Assignment →
For the entries that appear below, write out the exact text and omit the pictures.
====== Input
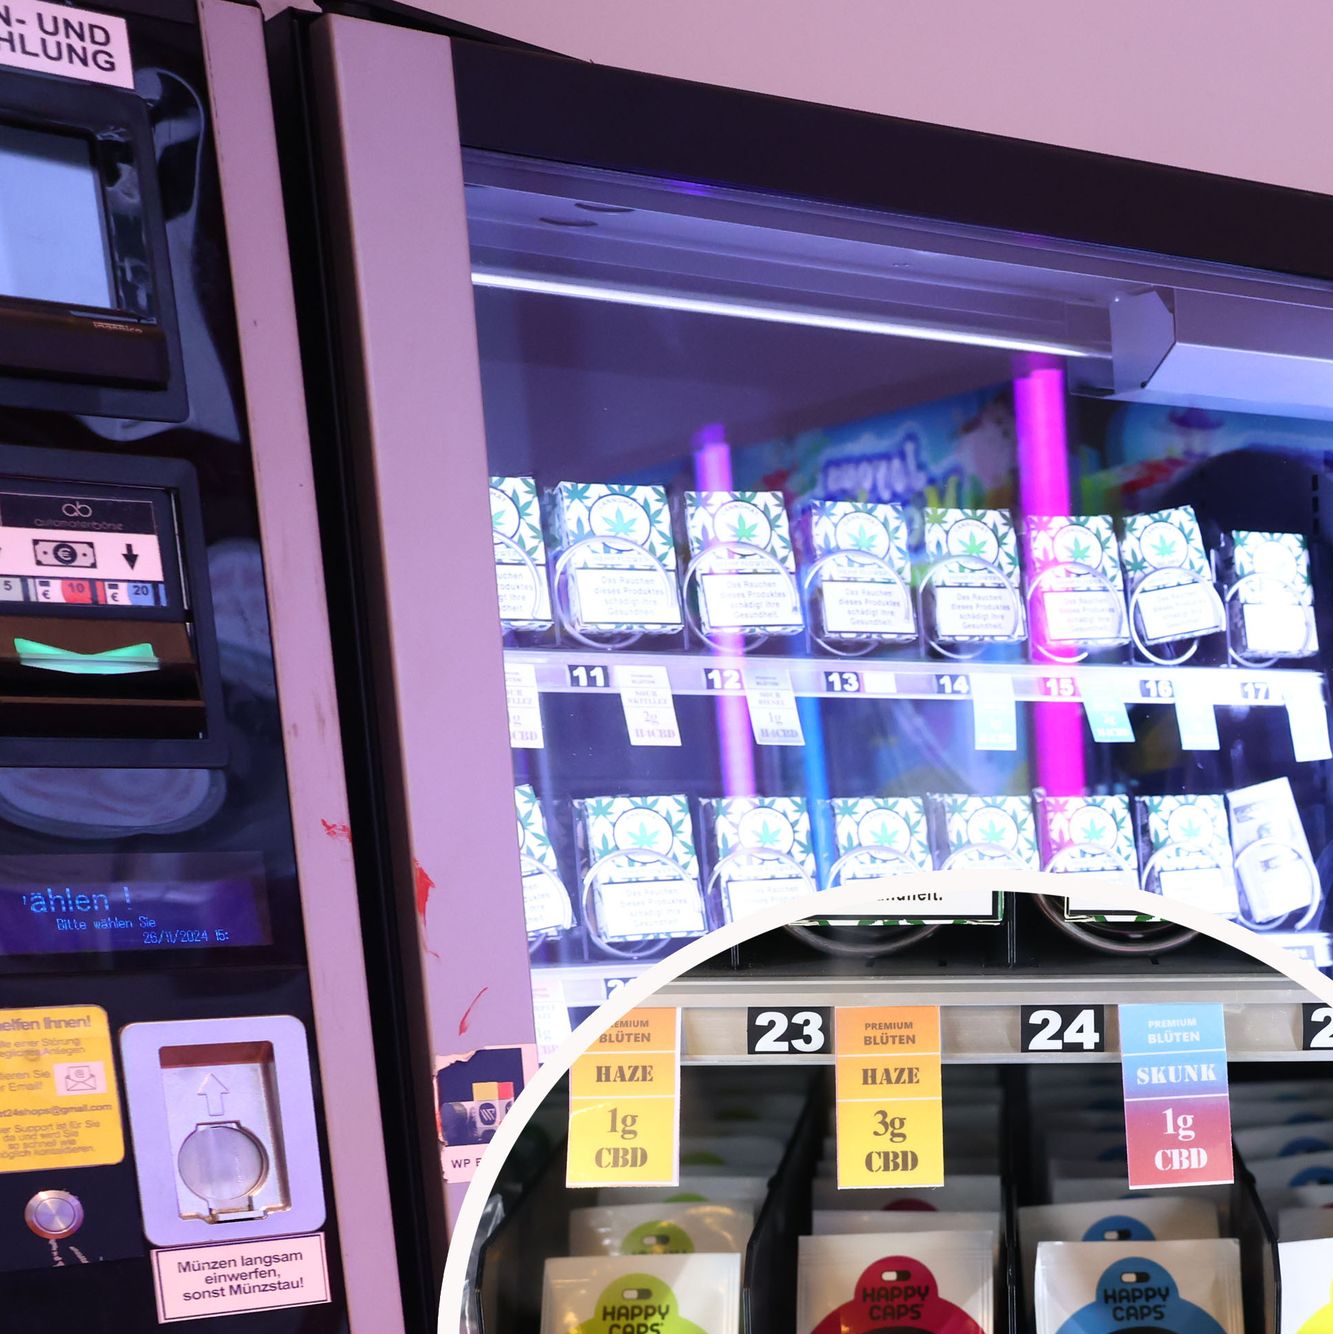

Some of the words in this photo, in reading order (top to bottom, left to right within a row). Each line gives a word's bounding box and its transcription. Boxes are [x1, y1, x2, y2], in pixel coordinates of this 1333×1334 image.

[37, 12, 111, 46] UND
[67, 582, 86, 594] 10
[132, 585, 150, 597] 20
[573, 667, 604, 686] 11
[708, 669, 741, 689] 12
[829, 672, 859, 691] 13
[940, 675, 969, 693] 14
[1046, 677, 1075, 697] 15
[1146, 680, 1173, 699] 16
[1243, 682, 1270, 700] 17
[22, 886, 110, 913] ählen
[56, 918, 87, 930] Bitte
[93, 917, 133, 930] wählen
[138, 915, 157, 928] Sie
[754, 1011, 825, 1053] 23
[864, 1021, 913, 1032] PREMIUM
[1027, 1009, 1100, 1051] 24
[1147, 1017, 1197, 1030] PREMIUM
[599, 1030, 651, 1044] BLÜTEN
[863, 1031, 916, 1047] BLÜTEN
[1147, 1028, 1201, 1045] BLÜTEN
[595, 1065, 654, 1084] HAZE
[861, 1067, 920, 1087] HAZE
[1136, 1064, 1217, 1086] SKUNK
[607, 1107, 638, 1141] 1g
[872, 1109, 908, 1145] 3g
[1162, 1107, 1195, 1141] 1g
[594, 1146, 648, 1170] CBD
[864, 1149, 919, 1174] CBD
[1153, 1147, 1208, 1171] CBD
[178, 1257, 237, 1274] Münzen
[241, 1251, 303, 1268] langsam
[204, 1268, 282, 1285] einwerfen,
[182, 1286, 227, 1301] sonst
[229, 1277, 304, 1297] Münzstau!
[862, 1285, 929, 1303] HAPPY
[1103, 1287, 1170, 1304] HAPPY
[602, 1305, 669, 1322] HAPPY
[869, 1302, 923, 1321] CAPS
[1112, 1303, 1166, 1321] CAPS
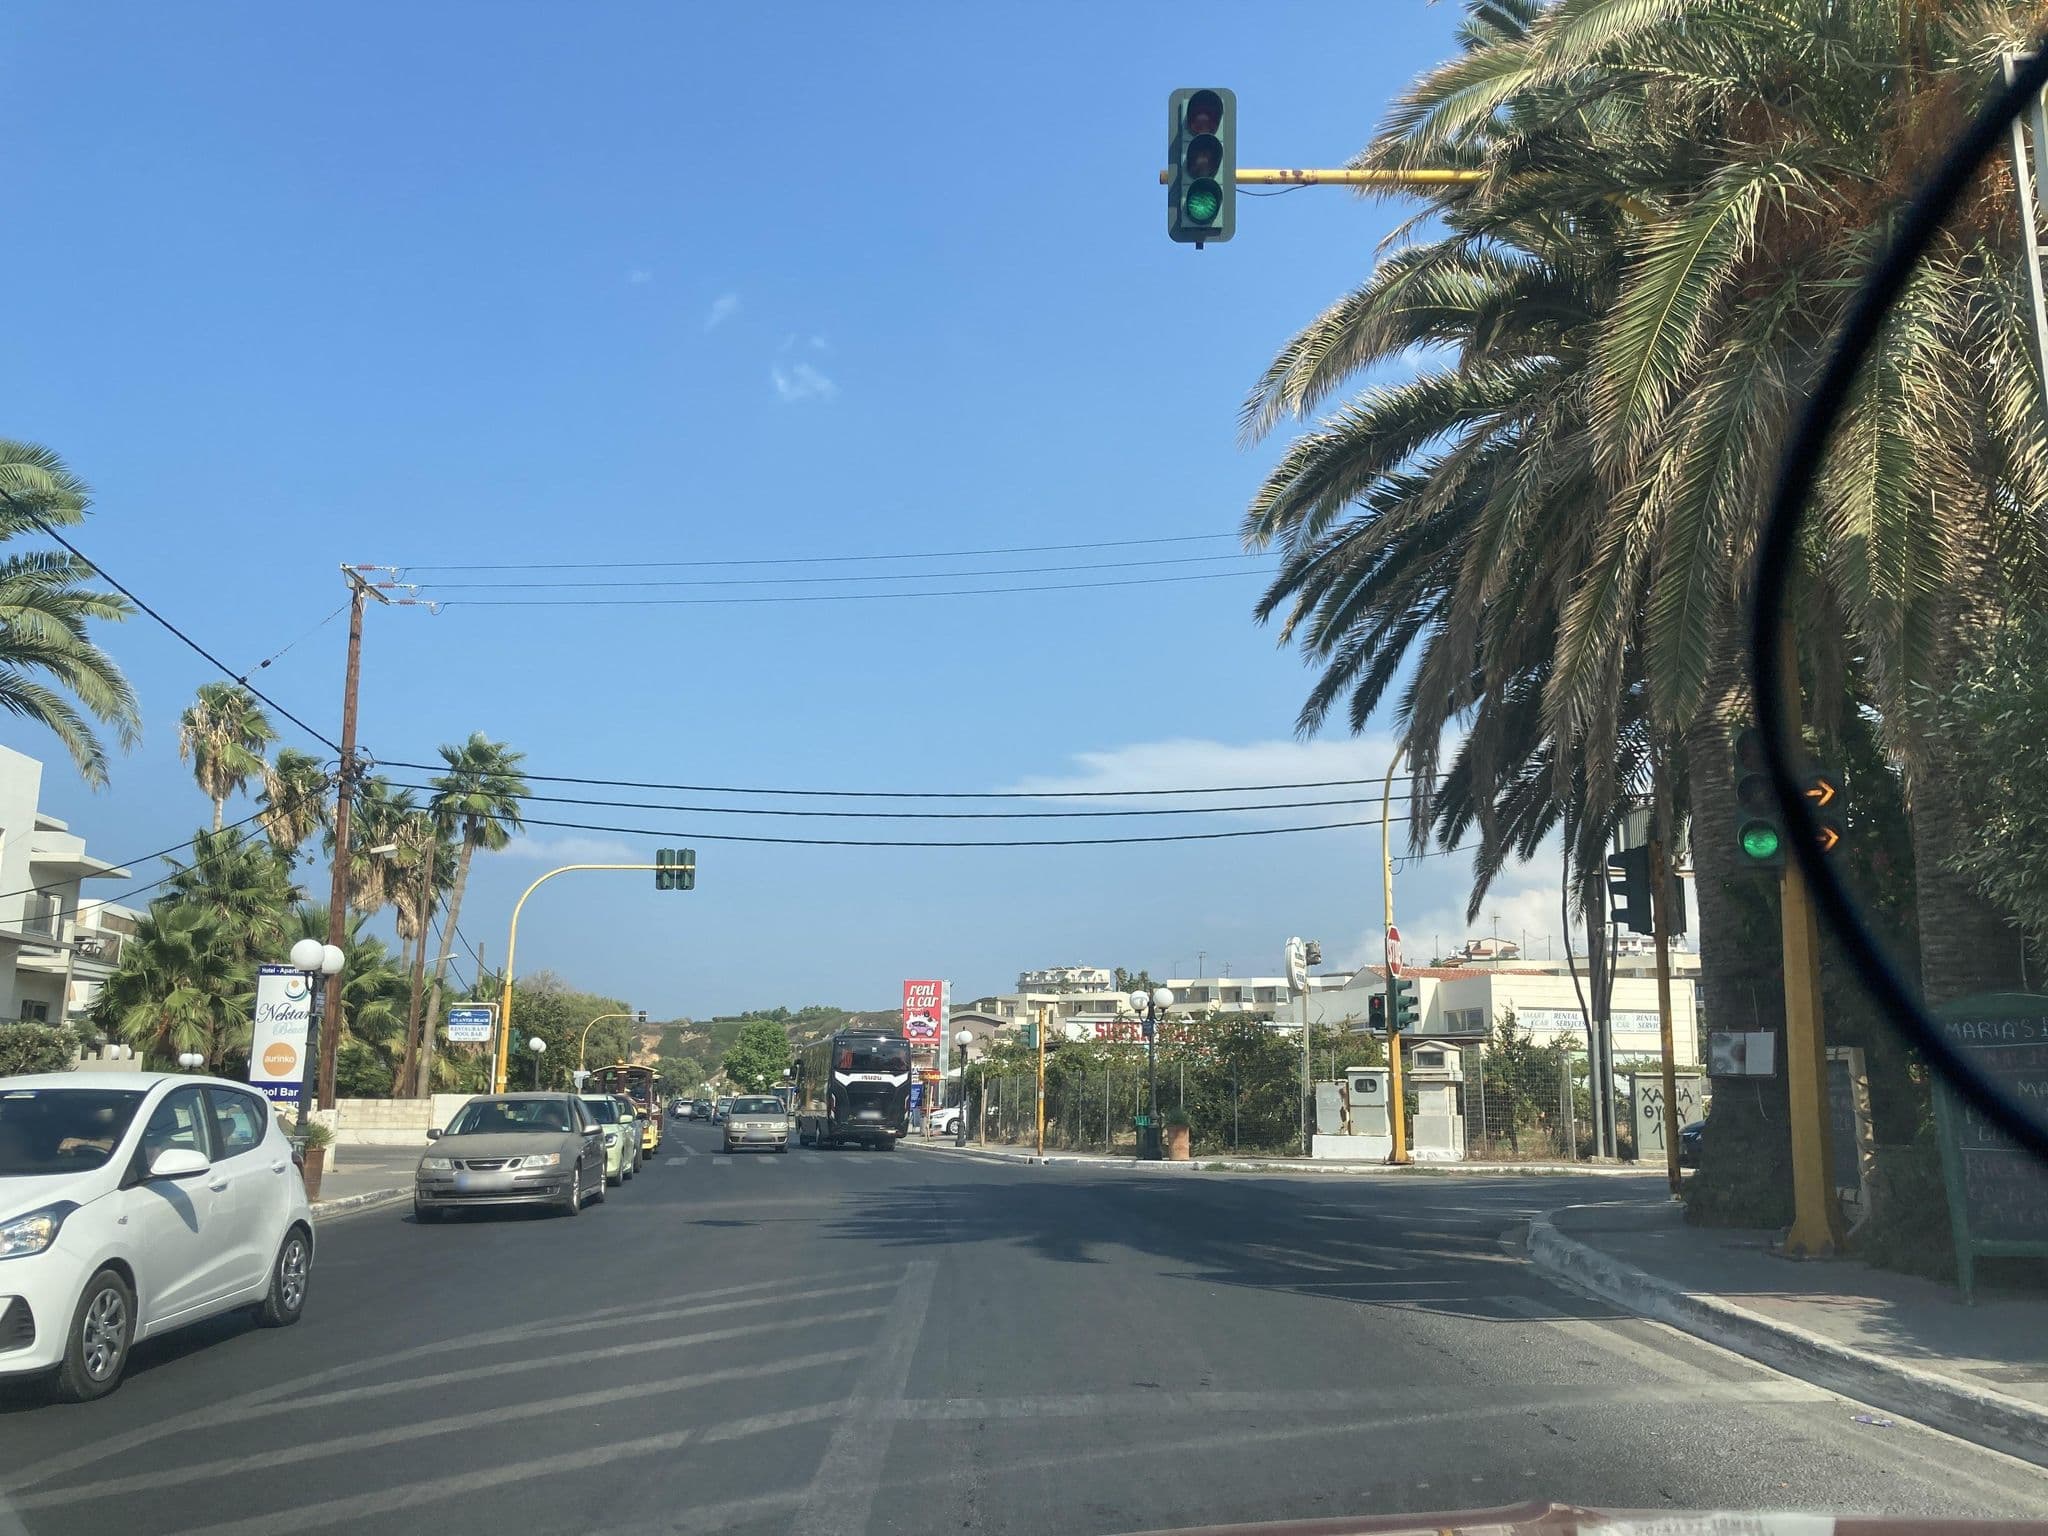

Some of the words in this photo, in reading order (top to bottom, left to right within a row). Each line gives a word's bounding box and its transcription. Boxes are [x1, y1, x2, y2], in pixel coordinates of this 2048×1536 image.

[909, 982, 936, 996] rent
[906, 996, 915, 1007] a
[917, 996, 939, 1007] car
[1556, 1020, 1586, 1028] SERVICES
[264, 1054, 295, 1064] aurinko
[279, 1087, 299, 1097] Bar
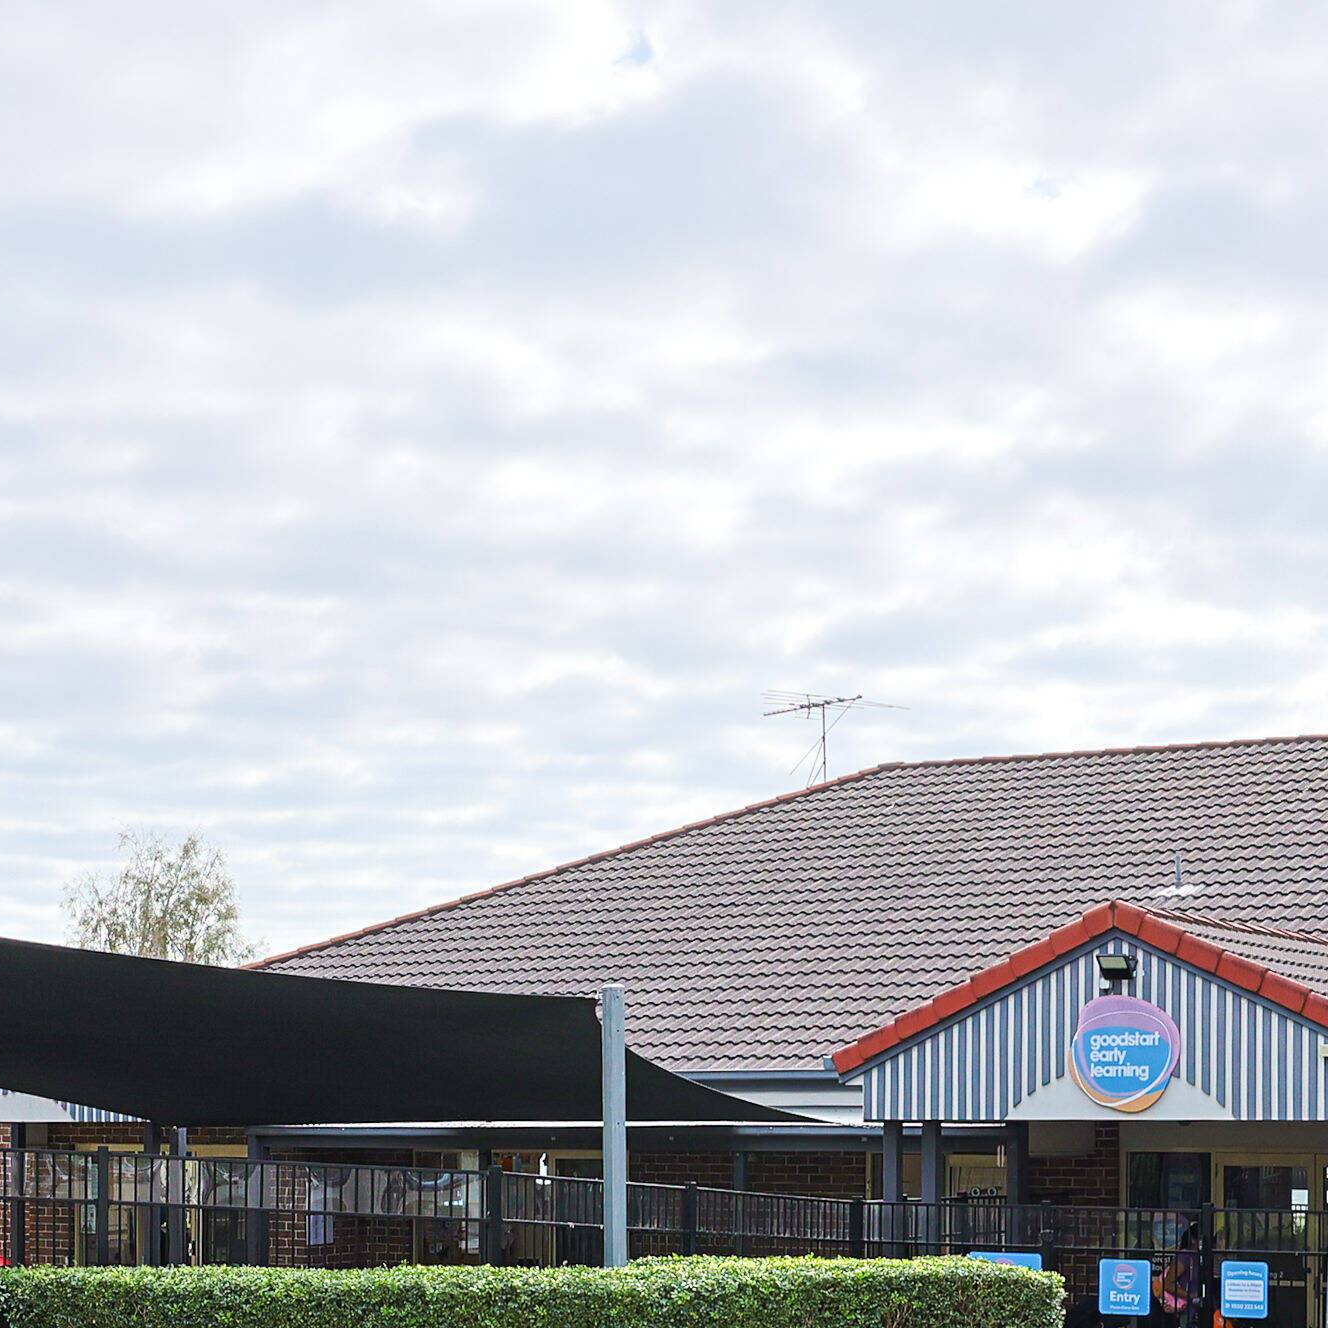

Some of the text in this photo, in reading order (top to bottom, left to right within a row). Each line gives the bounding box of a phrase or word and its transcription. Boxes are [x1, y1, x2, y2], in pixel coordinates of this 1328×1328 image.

[1090, 1031, 1161, 1050] goodstart
[1090, 1047, 1127, 1065] early
[1090, 1063, 1149, 1081] learning
[1109, 1290, 1141, 1306] Entry
============
Task response →
Some of the words in this photo, in reading order (top to bottom, left to right within a row). Each line gives a word's bounding box and its transcription. Boxes are [x1, y1, x2, y2], in pixel coordinates of this 1333×1334 image.

[37, 12, 111, 46] UND
[67, 582, 86, 594] 10
[132, 585, 150, 597] 20
[573, 667, 604, 686] 11
[708, 669, 741, 689] 12
[829, 672, 859, 691] 13
[940, 675, 969, 693] 14
[1046, 677, 1075, 697] 15
[1146, 680, 1173, 699] 16
[1243, 682, 1270, 700] 17
[22, 886, 110, 913] ählen
[56, 918, 87, 930] Bitte
[93, 917, 133, 930] wählen
[138, 915, 157, 928] Sie
[754, 1011, 825, 1053] 23
[864, 1021, 913, 1032] PREMIUM
[1027, 1009, 1100, 1051] 24
[1147, 1017, 1197, 1030] PREMIUM
[599, 1030, 651, 1044] BLÜTEN
[863, 1031, 916, 1047] BLÜTEN
[1147, 1028, 1201, 1045] BLÜTEN
[595, 1065, 654, 1084] HAZE
[861, 1067, 920, 1087] HAZE
[1136, 1064, 1217, 1086] SKUNK
[607, 1107, 638, 1141] 1g
[872, 1109, 908, 1145] 3g
[1162, 1107, 1195, 1141] 1g
[594, 1146, 648, 1170] CBD
[864, 1149, 919, 1174] CBD
[1153, 1147, 1208, 1171] CBD
[178, 1257, 237, 1274] Münzen
[241, 1251, 303, 1268] langsam
[204, 1268, 282, 1285] einwerfen,
[182, 1286, 227, 1301] sonst
[229, 1277, 304, 1297] Münzstau!
[862, 1285, 929, 1303] HAPPY
[1103, 1287, 1170, 1304] HAPPY
[602, 1305, 669, 1322] HAPPY
[869, 1302, 923, 1321] CAPS
[1112, 1303, 1166, 1321] CAPS

Some of the words in this photo, in reading order (top to bottom, left to right within a row). Each line gives a word's bounding box and its transcription. Boxes are [x1, y1, x2, y2], in pixel coordinates of this 2048×1536 image.

[909, 982, 936, 996] rent
[906, 996, 915, 1007] a
[917, 996, 939, 1007] car
[1556, 1020, 1586, 1028] SERVICES
[264, 1054, 295, 1064] aurinko
[279, 1087, 299, 1097] Bar

Some of the text in this photo, in reading order (top to bottom, left to right within a row). Each line gives the bounding box of a phrase or word and its transcription. Boxes are [x1, y1, x2, y2], in pixel coordinates of this 1328×1328 image.

[1090, 1031, 1161, 1050] goodstart
[1090, 1047, 1127, 1065] early
[1090, 1063, 1149, 1081] learning
[1109, 1290, 1141, 1306] Entry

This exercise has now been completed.